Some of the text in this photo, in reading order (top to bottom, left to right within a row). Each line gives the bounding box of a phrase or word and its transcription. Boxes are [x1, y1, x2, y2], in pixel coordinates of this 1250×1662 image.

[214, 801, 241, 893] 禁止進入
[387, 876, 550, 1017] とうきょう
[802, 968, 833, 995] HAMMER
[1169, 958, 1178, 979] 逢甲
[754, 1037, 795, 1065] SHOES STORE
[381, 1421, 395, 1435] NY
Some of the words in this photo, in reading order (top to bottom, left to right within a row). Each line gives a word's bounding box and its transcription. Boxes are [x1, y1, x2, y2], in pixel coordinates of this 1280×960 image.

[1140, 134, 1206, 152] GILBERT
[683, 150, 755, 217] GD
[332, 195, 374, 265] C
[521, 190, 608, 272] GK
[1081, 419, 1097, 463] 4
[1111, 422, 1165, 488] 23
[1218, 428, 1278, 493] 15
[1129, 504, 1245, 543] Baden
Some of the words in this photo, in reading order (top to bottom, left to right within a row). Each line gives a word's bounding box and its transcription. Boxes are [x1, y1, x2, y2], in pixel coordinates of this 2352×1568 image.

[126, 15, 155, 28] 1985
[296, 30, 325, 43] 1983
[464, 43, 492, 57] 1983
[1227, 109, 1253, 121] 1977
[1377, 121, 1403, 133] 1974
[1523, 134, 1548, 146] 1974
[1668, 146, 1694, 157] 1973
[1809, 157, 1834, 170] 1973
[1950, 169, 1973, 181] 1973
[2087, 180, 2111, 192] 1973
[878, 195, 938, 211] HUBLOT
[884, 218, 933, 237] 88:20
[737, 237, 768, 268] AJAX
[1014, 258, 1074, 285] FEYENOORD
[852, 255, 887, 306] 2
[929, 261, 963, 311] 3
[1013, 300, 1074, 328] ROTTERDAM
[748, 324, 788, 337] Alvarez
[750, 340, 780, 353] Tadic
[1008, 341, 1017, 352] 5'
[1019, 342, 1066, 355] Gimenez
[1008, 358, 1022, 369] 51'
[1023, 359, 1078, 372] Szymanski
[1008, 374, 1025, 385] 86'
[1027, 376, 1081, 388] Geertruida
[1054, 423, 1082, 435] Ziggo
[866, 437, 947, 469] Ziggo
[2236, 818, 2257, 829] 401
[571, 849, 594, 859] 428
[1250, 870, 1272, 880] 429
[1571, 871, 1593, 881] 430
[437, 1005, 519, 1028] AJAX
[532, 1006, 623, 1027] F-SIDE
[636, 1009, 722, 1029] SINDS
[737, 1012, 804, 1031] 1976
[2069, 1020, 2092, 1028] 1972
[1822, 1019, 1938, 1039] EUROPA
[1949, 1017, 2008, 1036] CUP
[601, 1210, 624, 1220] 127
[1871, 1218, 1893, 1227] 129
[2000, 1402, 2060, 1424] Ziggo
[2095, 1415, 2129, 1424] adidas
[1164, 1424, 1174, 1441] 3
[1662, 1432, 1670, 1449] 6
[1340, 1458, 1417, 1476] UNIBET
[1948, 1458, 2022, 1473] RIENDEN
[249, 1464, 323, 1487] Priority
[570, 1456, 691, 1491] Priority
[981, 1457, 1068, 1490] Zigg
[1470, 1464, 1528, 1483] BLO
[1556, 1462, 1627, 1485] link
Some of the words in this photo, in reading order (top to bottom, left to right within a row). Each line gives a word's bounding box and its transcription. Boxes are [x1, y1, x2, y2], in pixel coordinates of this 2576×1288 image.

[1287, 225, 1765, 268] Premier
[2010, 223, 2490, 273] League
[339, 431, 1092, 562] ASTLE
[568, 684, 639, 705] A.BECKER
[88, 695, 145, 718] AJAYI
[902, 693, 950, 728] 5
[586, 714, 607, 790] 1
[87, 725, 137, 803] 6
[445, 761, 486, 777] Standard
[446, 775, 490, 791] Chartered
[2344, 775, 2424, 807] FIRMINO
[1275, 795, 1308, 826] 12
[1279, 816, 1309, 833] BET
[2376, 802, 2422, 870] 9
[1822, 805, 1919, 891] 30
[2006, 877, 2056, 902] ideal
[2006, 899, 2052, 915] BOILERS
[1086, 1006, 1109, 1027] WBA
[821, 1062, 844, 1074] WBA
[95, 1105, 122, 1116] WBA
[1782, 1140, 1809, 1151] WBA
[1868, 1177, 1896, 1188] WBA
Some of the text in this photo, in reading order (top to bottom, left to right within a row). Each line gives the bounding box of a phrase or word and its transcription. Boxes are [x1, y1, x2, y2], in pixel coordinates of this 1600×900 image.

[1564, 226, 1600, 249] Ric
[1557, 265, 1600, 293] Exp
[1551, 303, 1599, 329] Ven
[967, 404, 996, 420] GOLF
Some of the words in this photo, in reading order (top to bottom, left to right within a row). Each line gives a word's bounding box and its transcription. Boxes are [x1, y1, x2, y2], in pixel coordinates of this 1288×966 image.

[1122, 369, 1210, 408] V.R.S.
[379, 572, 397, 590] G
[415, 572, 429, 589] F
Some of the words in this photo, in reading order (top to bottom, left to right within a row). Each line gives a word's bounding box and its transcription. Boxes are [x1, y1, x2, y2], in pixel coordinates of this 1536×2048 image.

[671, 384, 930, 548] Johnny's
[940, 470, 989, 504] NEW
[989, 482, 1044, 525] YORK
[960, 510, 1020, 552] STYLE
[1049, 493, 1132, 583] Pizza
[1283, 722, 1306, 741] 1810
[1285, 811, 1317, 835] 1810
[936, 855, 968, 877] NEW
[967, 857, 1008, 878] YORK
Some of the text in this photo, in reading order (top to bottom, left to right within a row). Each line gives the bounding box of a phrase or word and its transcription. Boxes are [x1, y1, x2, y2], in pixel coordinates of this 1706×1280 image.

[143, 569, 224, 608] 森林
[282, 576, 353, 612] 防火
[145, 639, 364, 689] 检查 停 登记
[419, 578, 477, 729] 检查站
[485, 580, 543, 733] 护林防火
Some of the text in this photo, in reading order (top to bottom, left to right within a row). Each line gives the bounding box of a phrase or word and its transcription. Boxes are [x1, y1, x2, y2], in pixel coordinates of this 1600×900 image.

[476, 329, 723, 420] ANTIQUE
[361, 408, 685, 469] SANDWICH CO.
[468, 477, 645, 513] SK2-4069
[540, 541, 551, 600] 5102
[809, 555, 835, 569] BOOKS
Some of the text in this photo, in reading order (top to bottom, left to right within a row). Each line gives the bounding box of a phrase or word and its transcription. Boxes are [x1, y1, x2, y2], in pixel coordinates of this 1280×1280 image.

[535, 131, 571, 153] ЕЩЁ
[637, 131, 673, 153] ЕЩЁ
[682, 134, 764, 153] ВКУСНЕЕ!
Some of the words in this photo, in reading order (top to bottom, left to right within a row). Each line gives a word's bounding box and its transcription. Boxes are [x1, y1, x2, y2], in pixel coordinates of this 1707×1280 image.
==========
Exercise prompt
Return the entries in full. Do not alter them.

Answer for the task
Some of the text in this photo, in reading order (top to bottom, left to right within a row). Each line gives the bounding box of a phrase or word and its transcription. Boxes are [x1, y1, x2, y2], in pixel coordinates of this 1250×1662 image.

[214, 801, 241, 893] 禁止進入
[387, 876, 550, 1017] とうきょう
[802, 968, 833, 995] HAMMER
[1169, 958, 1178, 979] 逢甲
[754, 1037, 795, 1065] SHOES STORE
[381, 1421, 395, 1435] NY
Some of the words in this photo, in reading order (top to bottom, left to right within a row). Each line gives a word's bounding box and its transcription. Boxes are [x1, y1, x2, y2], in pixel coordinates of this 1280×960 image.

[1140, 134, 1206, 152] GILBERT
[683, 150, 755, 217] GD
[332, 195, 374, 265] C
[521, 190, 608, 272] GK
[1081, 419, 1097, 463] 4
[1111, 422, 1165, 488] 23
[1218, 428, 1278, 493] 15
[1129, 504, 1245, 543] Baden
Some of the words in this photo, in reading order (top to bottom, left to right within a row). Each line gives a word's bounding box and its transcription. Boxes are [x1, y1, x2, y2], in pixel coordinates of this 2352×1568 image.

[126, 15, 155, 28] 1985
[296, 30, 325, 43] 1983
[464, 43, 492, 57] 1983
[1227, 109, 1253, 121] 1977
[1377, 121, 1403, 133] 1974
[1523, 134, 1548, 146] 1974
[1668, 146, 1694, 157] 1973
[1809, 157, 1834, 170] 1973
[1950, 169, 1973, 181] 1973
[2087, 180, 2111, 192] 1973
[878, 195, 938, 211] HUBLOT
[884, 218, 933, 237] 88:20
[737, 237, 768, 268] AJAX
[1014, 258, 1074, 285] FEYENOORD
[852, 255, 887, 306] 2
[929, 261, 963, 311] 3
[1013, 300, 1074, 328] ROTTERDAM
[748, 324, 788, 337] Alvarez
[750, 340, 780, 353] Tadic
[1008, 341, 1017, 352] 5'
[1019, 342, 1066, 355] Gimenez
[1008, 358, 1022, 369] 51'
[1023, 359, 1078, 372] Szymanski
[1008, 374, 1025, 385] 86'
[1027, 376, 1081, 388] Geertruida
[1054, 423, 1082, 435] Ziggo
[866, 437, 947, 469] Ziggo
[2236, 818, 2257, 829] 401
[571, 849, 594, 859] 428
[1250, 870, 1272, 880] 429
[1571, 871, 1593, 881] 430
[437, 1005, 519, 1028] AJAX
[532, 1006, 623, 1027] F-SIDE
[636, 1009, 722, 1029] SINDS
[737, 1012, 804, 1031] 1976
[2069, 1020, 2092, 1028] 1972
[1822, 1019, 1938, 1039] EUROPA
[1949, 1017, 2008, 1036] CUP
[601, 1210, 624, 1220] 127
[1871, 1218, 1893, 1227] 129
[2000, 1402, 2060, 1424] Ziggo
[2095, 1415, 2129, 1424] adidas
[1164, 1424, 1174, 1441] 3
[1662, 1432, 1670, 1449] 6
[1340, 1458, 1417, 1476] UNIBET
[1948, 1458, 2022, 1473] RIENDEN
[249, 1464, 323, 1487] Priority
[570, 1456, 691, 1491] Priority
[981, 1457, 1068, 1490] Zigg
[1470, 1464, 1528, 1483] BLO
[1556, 1462, 1627, 1485] link
Some of the words in this photo, in reading order (top to bottom, left to right within a row). Each line gives a word's bounding box and its transcription. Boxes are [x1, y1, x2, y2], in pixel coordinates of this 2576×1288 image.

[1287, 225, 1765, 268] Premier
[2010, 223, 2490, 273] League
[339, 431, 1092, 562] ASTLE
[568, 684, 639, 705] A.BECKER
[88, 695, 145, 718] AJAYI
[902, 693, 950, 728] 5
[586, 714, 607, 790] 1
[87, 725, 137, 803] 6
[445, 761, 486, 777] Standard
[446, 775, 490, 791] Chartered
[2344, 775, 2424, 807] FIRMINO
[1275, 795, 1308, 826] 12
[1279, 816, 1309, 833] BET
[2376, 802, 2422, 870] 9
[1822, 805, 1919, 891] 30
[2006, 877, 2056, 902] ideal
[2006, 899, 2052, 915] BOILERS
[1086, 1006, 1109, 1027] WBA
[821, 1062, 844, 1074] WBA
[95, 1105, 122, 1116] WBA
[1782, 1140, 1809, 1151] WBA
[1868, 1177, 1896, 1188] WBA
Some of the text in this photo, in reading order (top to bottom, left to right within a row). Each line gives the bounding box of a phrase or word and its transcription. Boxes are [x1, y1, x2, y2], in pixel coordinates of this 1600×900 image.

[1564, 226, 1600, 249] Ric
[1557, 265, 1600, 293] Exp
[1551, 303, 1599, 329] Ven
[967, 404, 996, 420] GOLF
Some of the words in this photo, in reading order (top to bottom, left to right within a row). Each line gives a word's bounding box and its transcription. Boxes are [x1, y1, x2, y2], in pixel coordinates of this 1288×966 image.

[1122, 369, 1210, 408] V.R.S.
[379, 572, 397, 590] G
[415, 572, 429, 589] F
Some of the words in this photo, in reading order (top to bottom, left to right within a row). Each line gives a word's bounding box and its transcription. Boxes are [x1, y1, x2, y2], in pixel coordinates of this 1536×2048 image.

[671, 384, 930, 548] Johnny's
[940, 470, 989, 504] NEW
[989, 482, 1044, 525] YORK
[960, 510, 1020, 552] STYLE
[1049, 493, 1132, 583] Pizza
[1283, 722, 1306, 741] 1810
[1285, 811, 1317, 835] 1810
[936, 855, 968, 877] NEW
[967, 857, 1008, 878] YORK
Some of the text in this photo, in reading order (top to bottom, left to right within a row). Each line gives the bounding box of a phrase or word and its transcription. Boxes are [x1, y1, x2, y2], in pixel coordinates of this 1706×1280 image.

[143, 569, 224, 608] 森林
[282, 576, 353, 612] 防火
[145, 639, 364, 689] 检查 停 登记
[419, 578, 477, 729] 检查站
[485, 580, 543, 733] 护林防火
Some of the text in this photo, in reading order (top to bottom, left to right within a row). Each line gives the bounding box of a phrase or word and its transcription. Boxes are [x1, y1, x2, y2], in pixel coordinates of this 1600×900 image.

[476, 329, 723, 420] ANTIQUE
[361, 408, 685, 469] SANDWICH CO.
[468, 477, 645, 513] SK2-4069
[540, 541, 551, 600] 5102
[809, 555, 835, 569] BOOKS
Some of the text in this photo, in reading order (top to bottom, left to right within a row). Each line gives the bounding box of a phrase or word and its transcription. Boxes are [x1, y1, x2, y2], in pixel coordinates of this 1280×1280 image.

[535, 131, 571, 153] ЕЩЁ
[637, 131, 673, 153] ЕЩЁ
[682, 134, 764, 153] ВКУСНЕЕ!
Some of the words in this photo, in reading order (top to bottom, left to right within a row). Each line gives a word's bounding box and its transcription. Boxes are [x1, y1, x2, y2], in pixel coordinates of this 1707×1280 image.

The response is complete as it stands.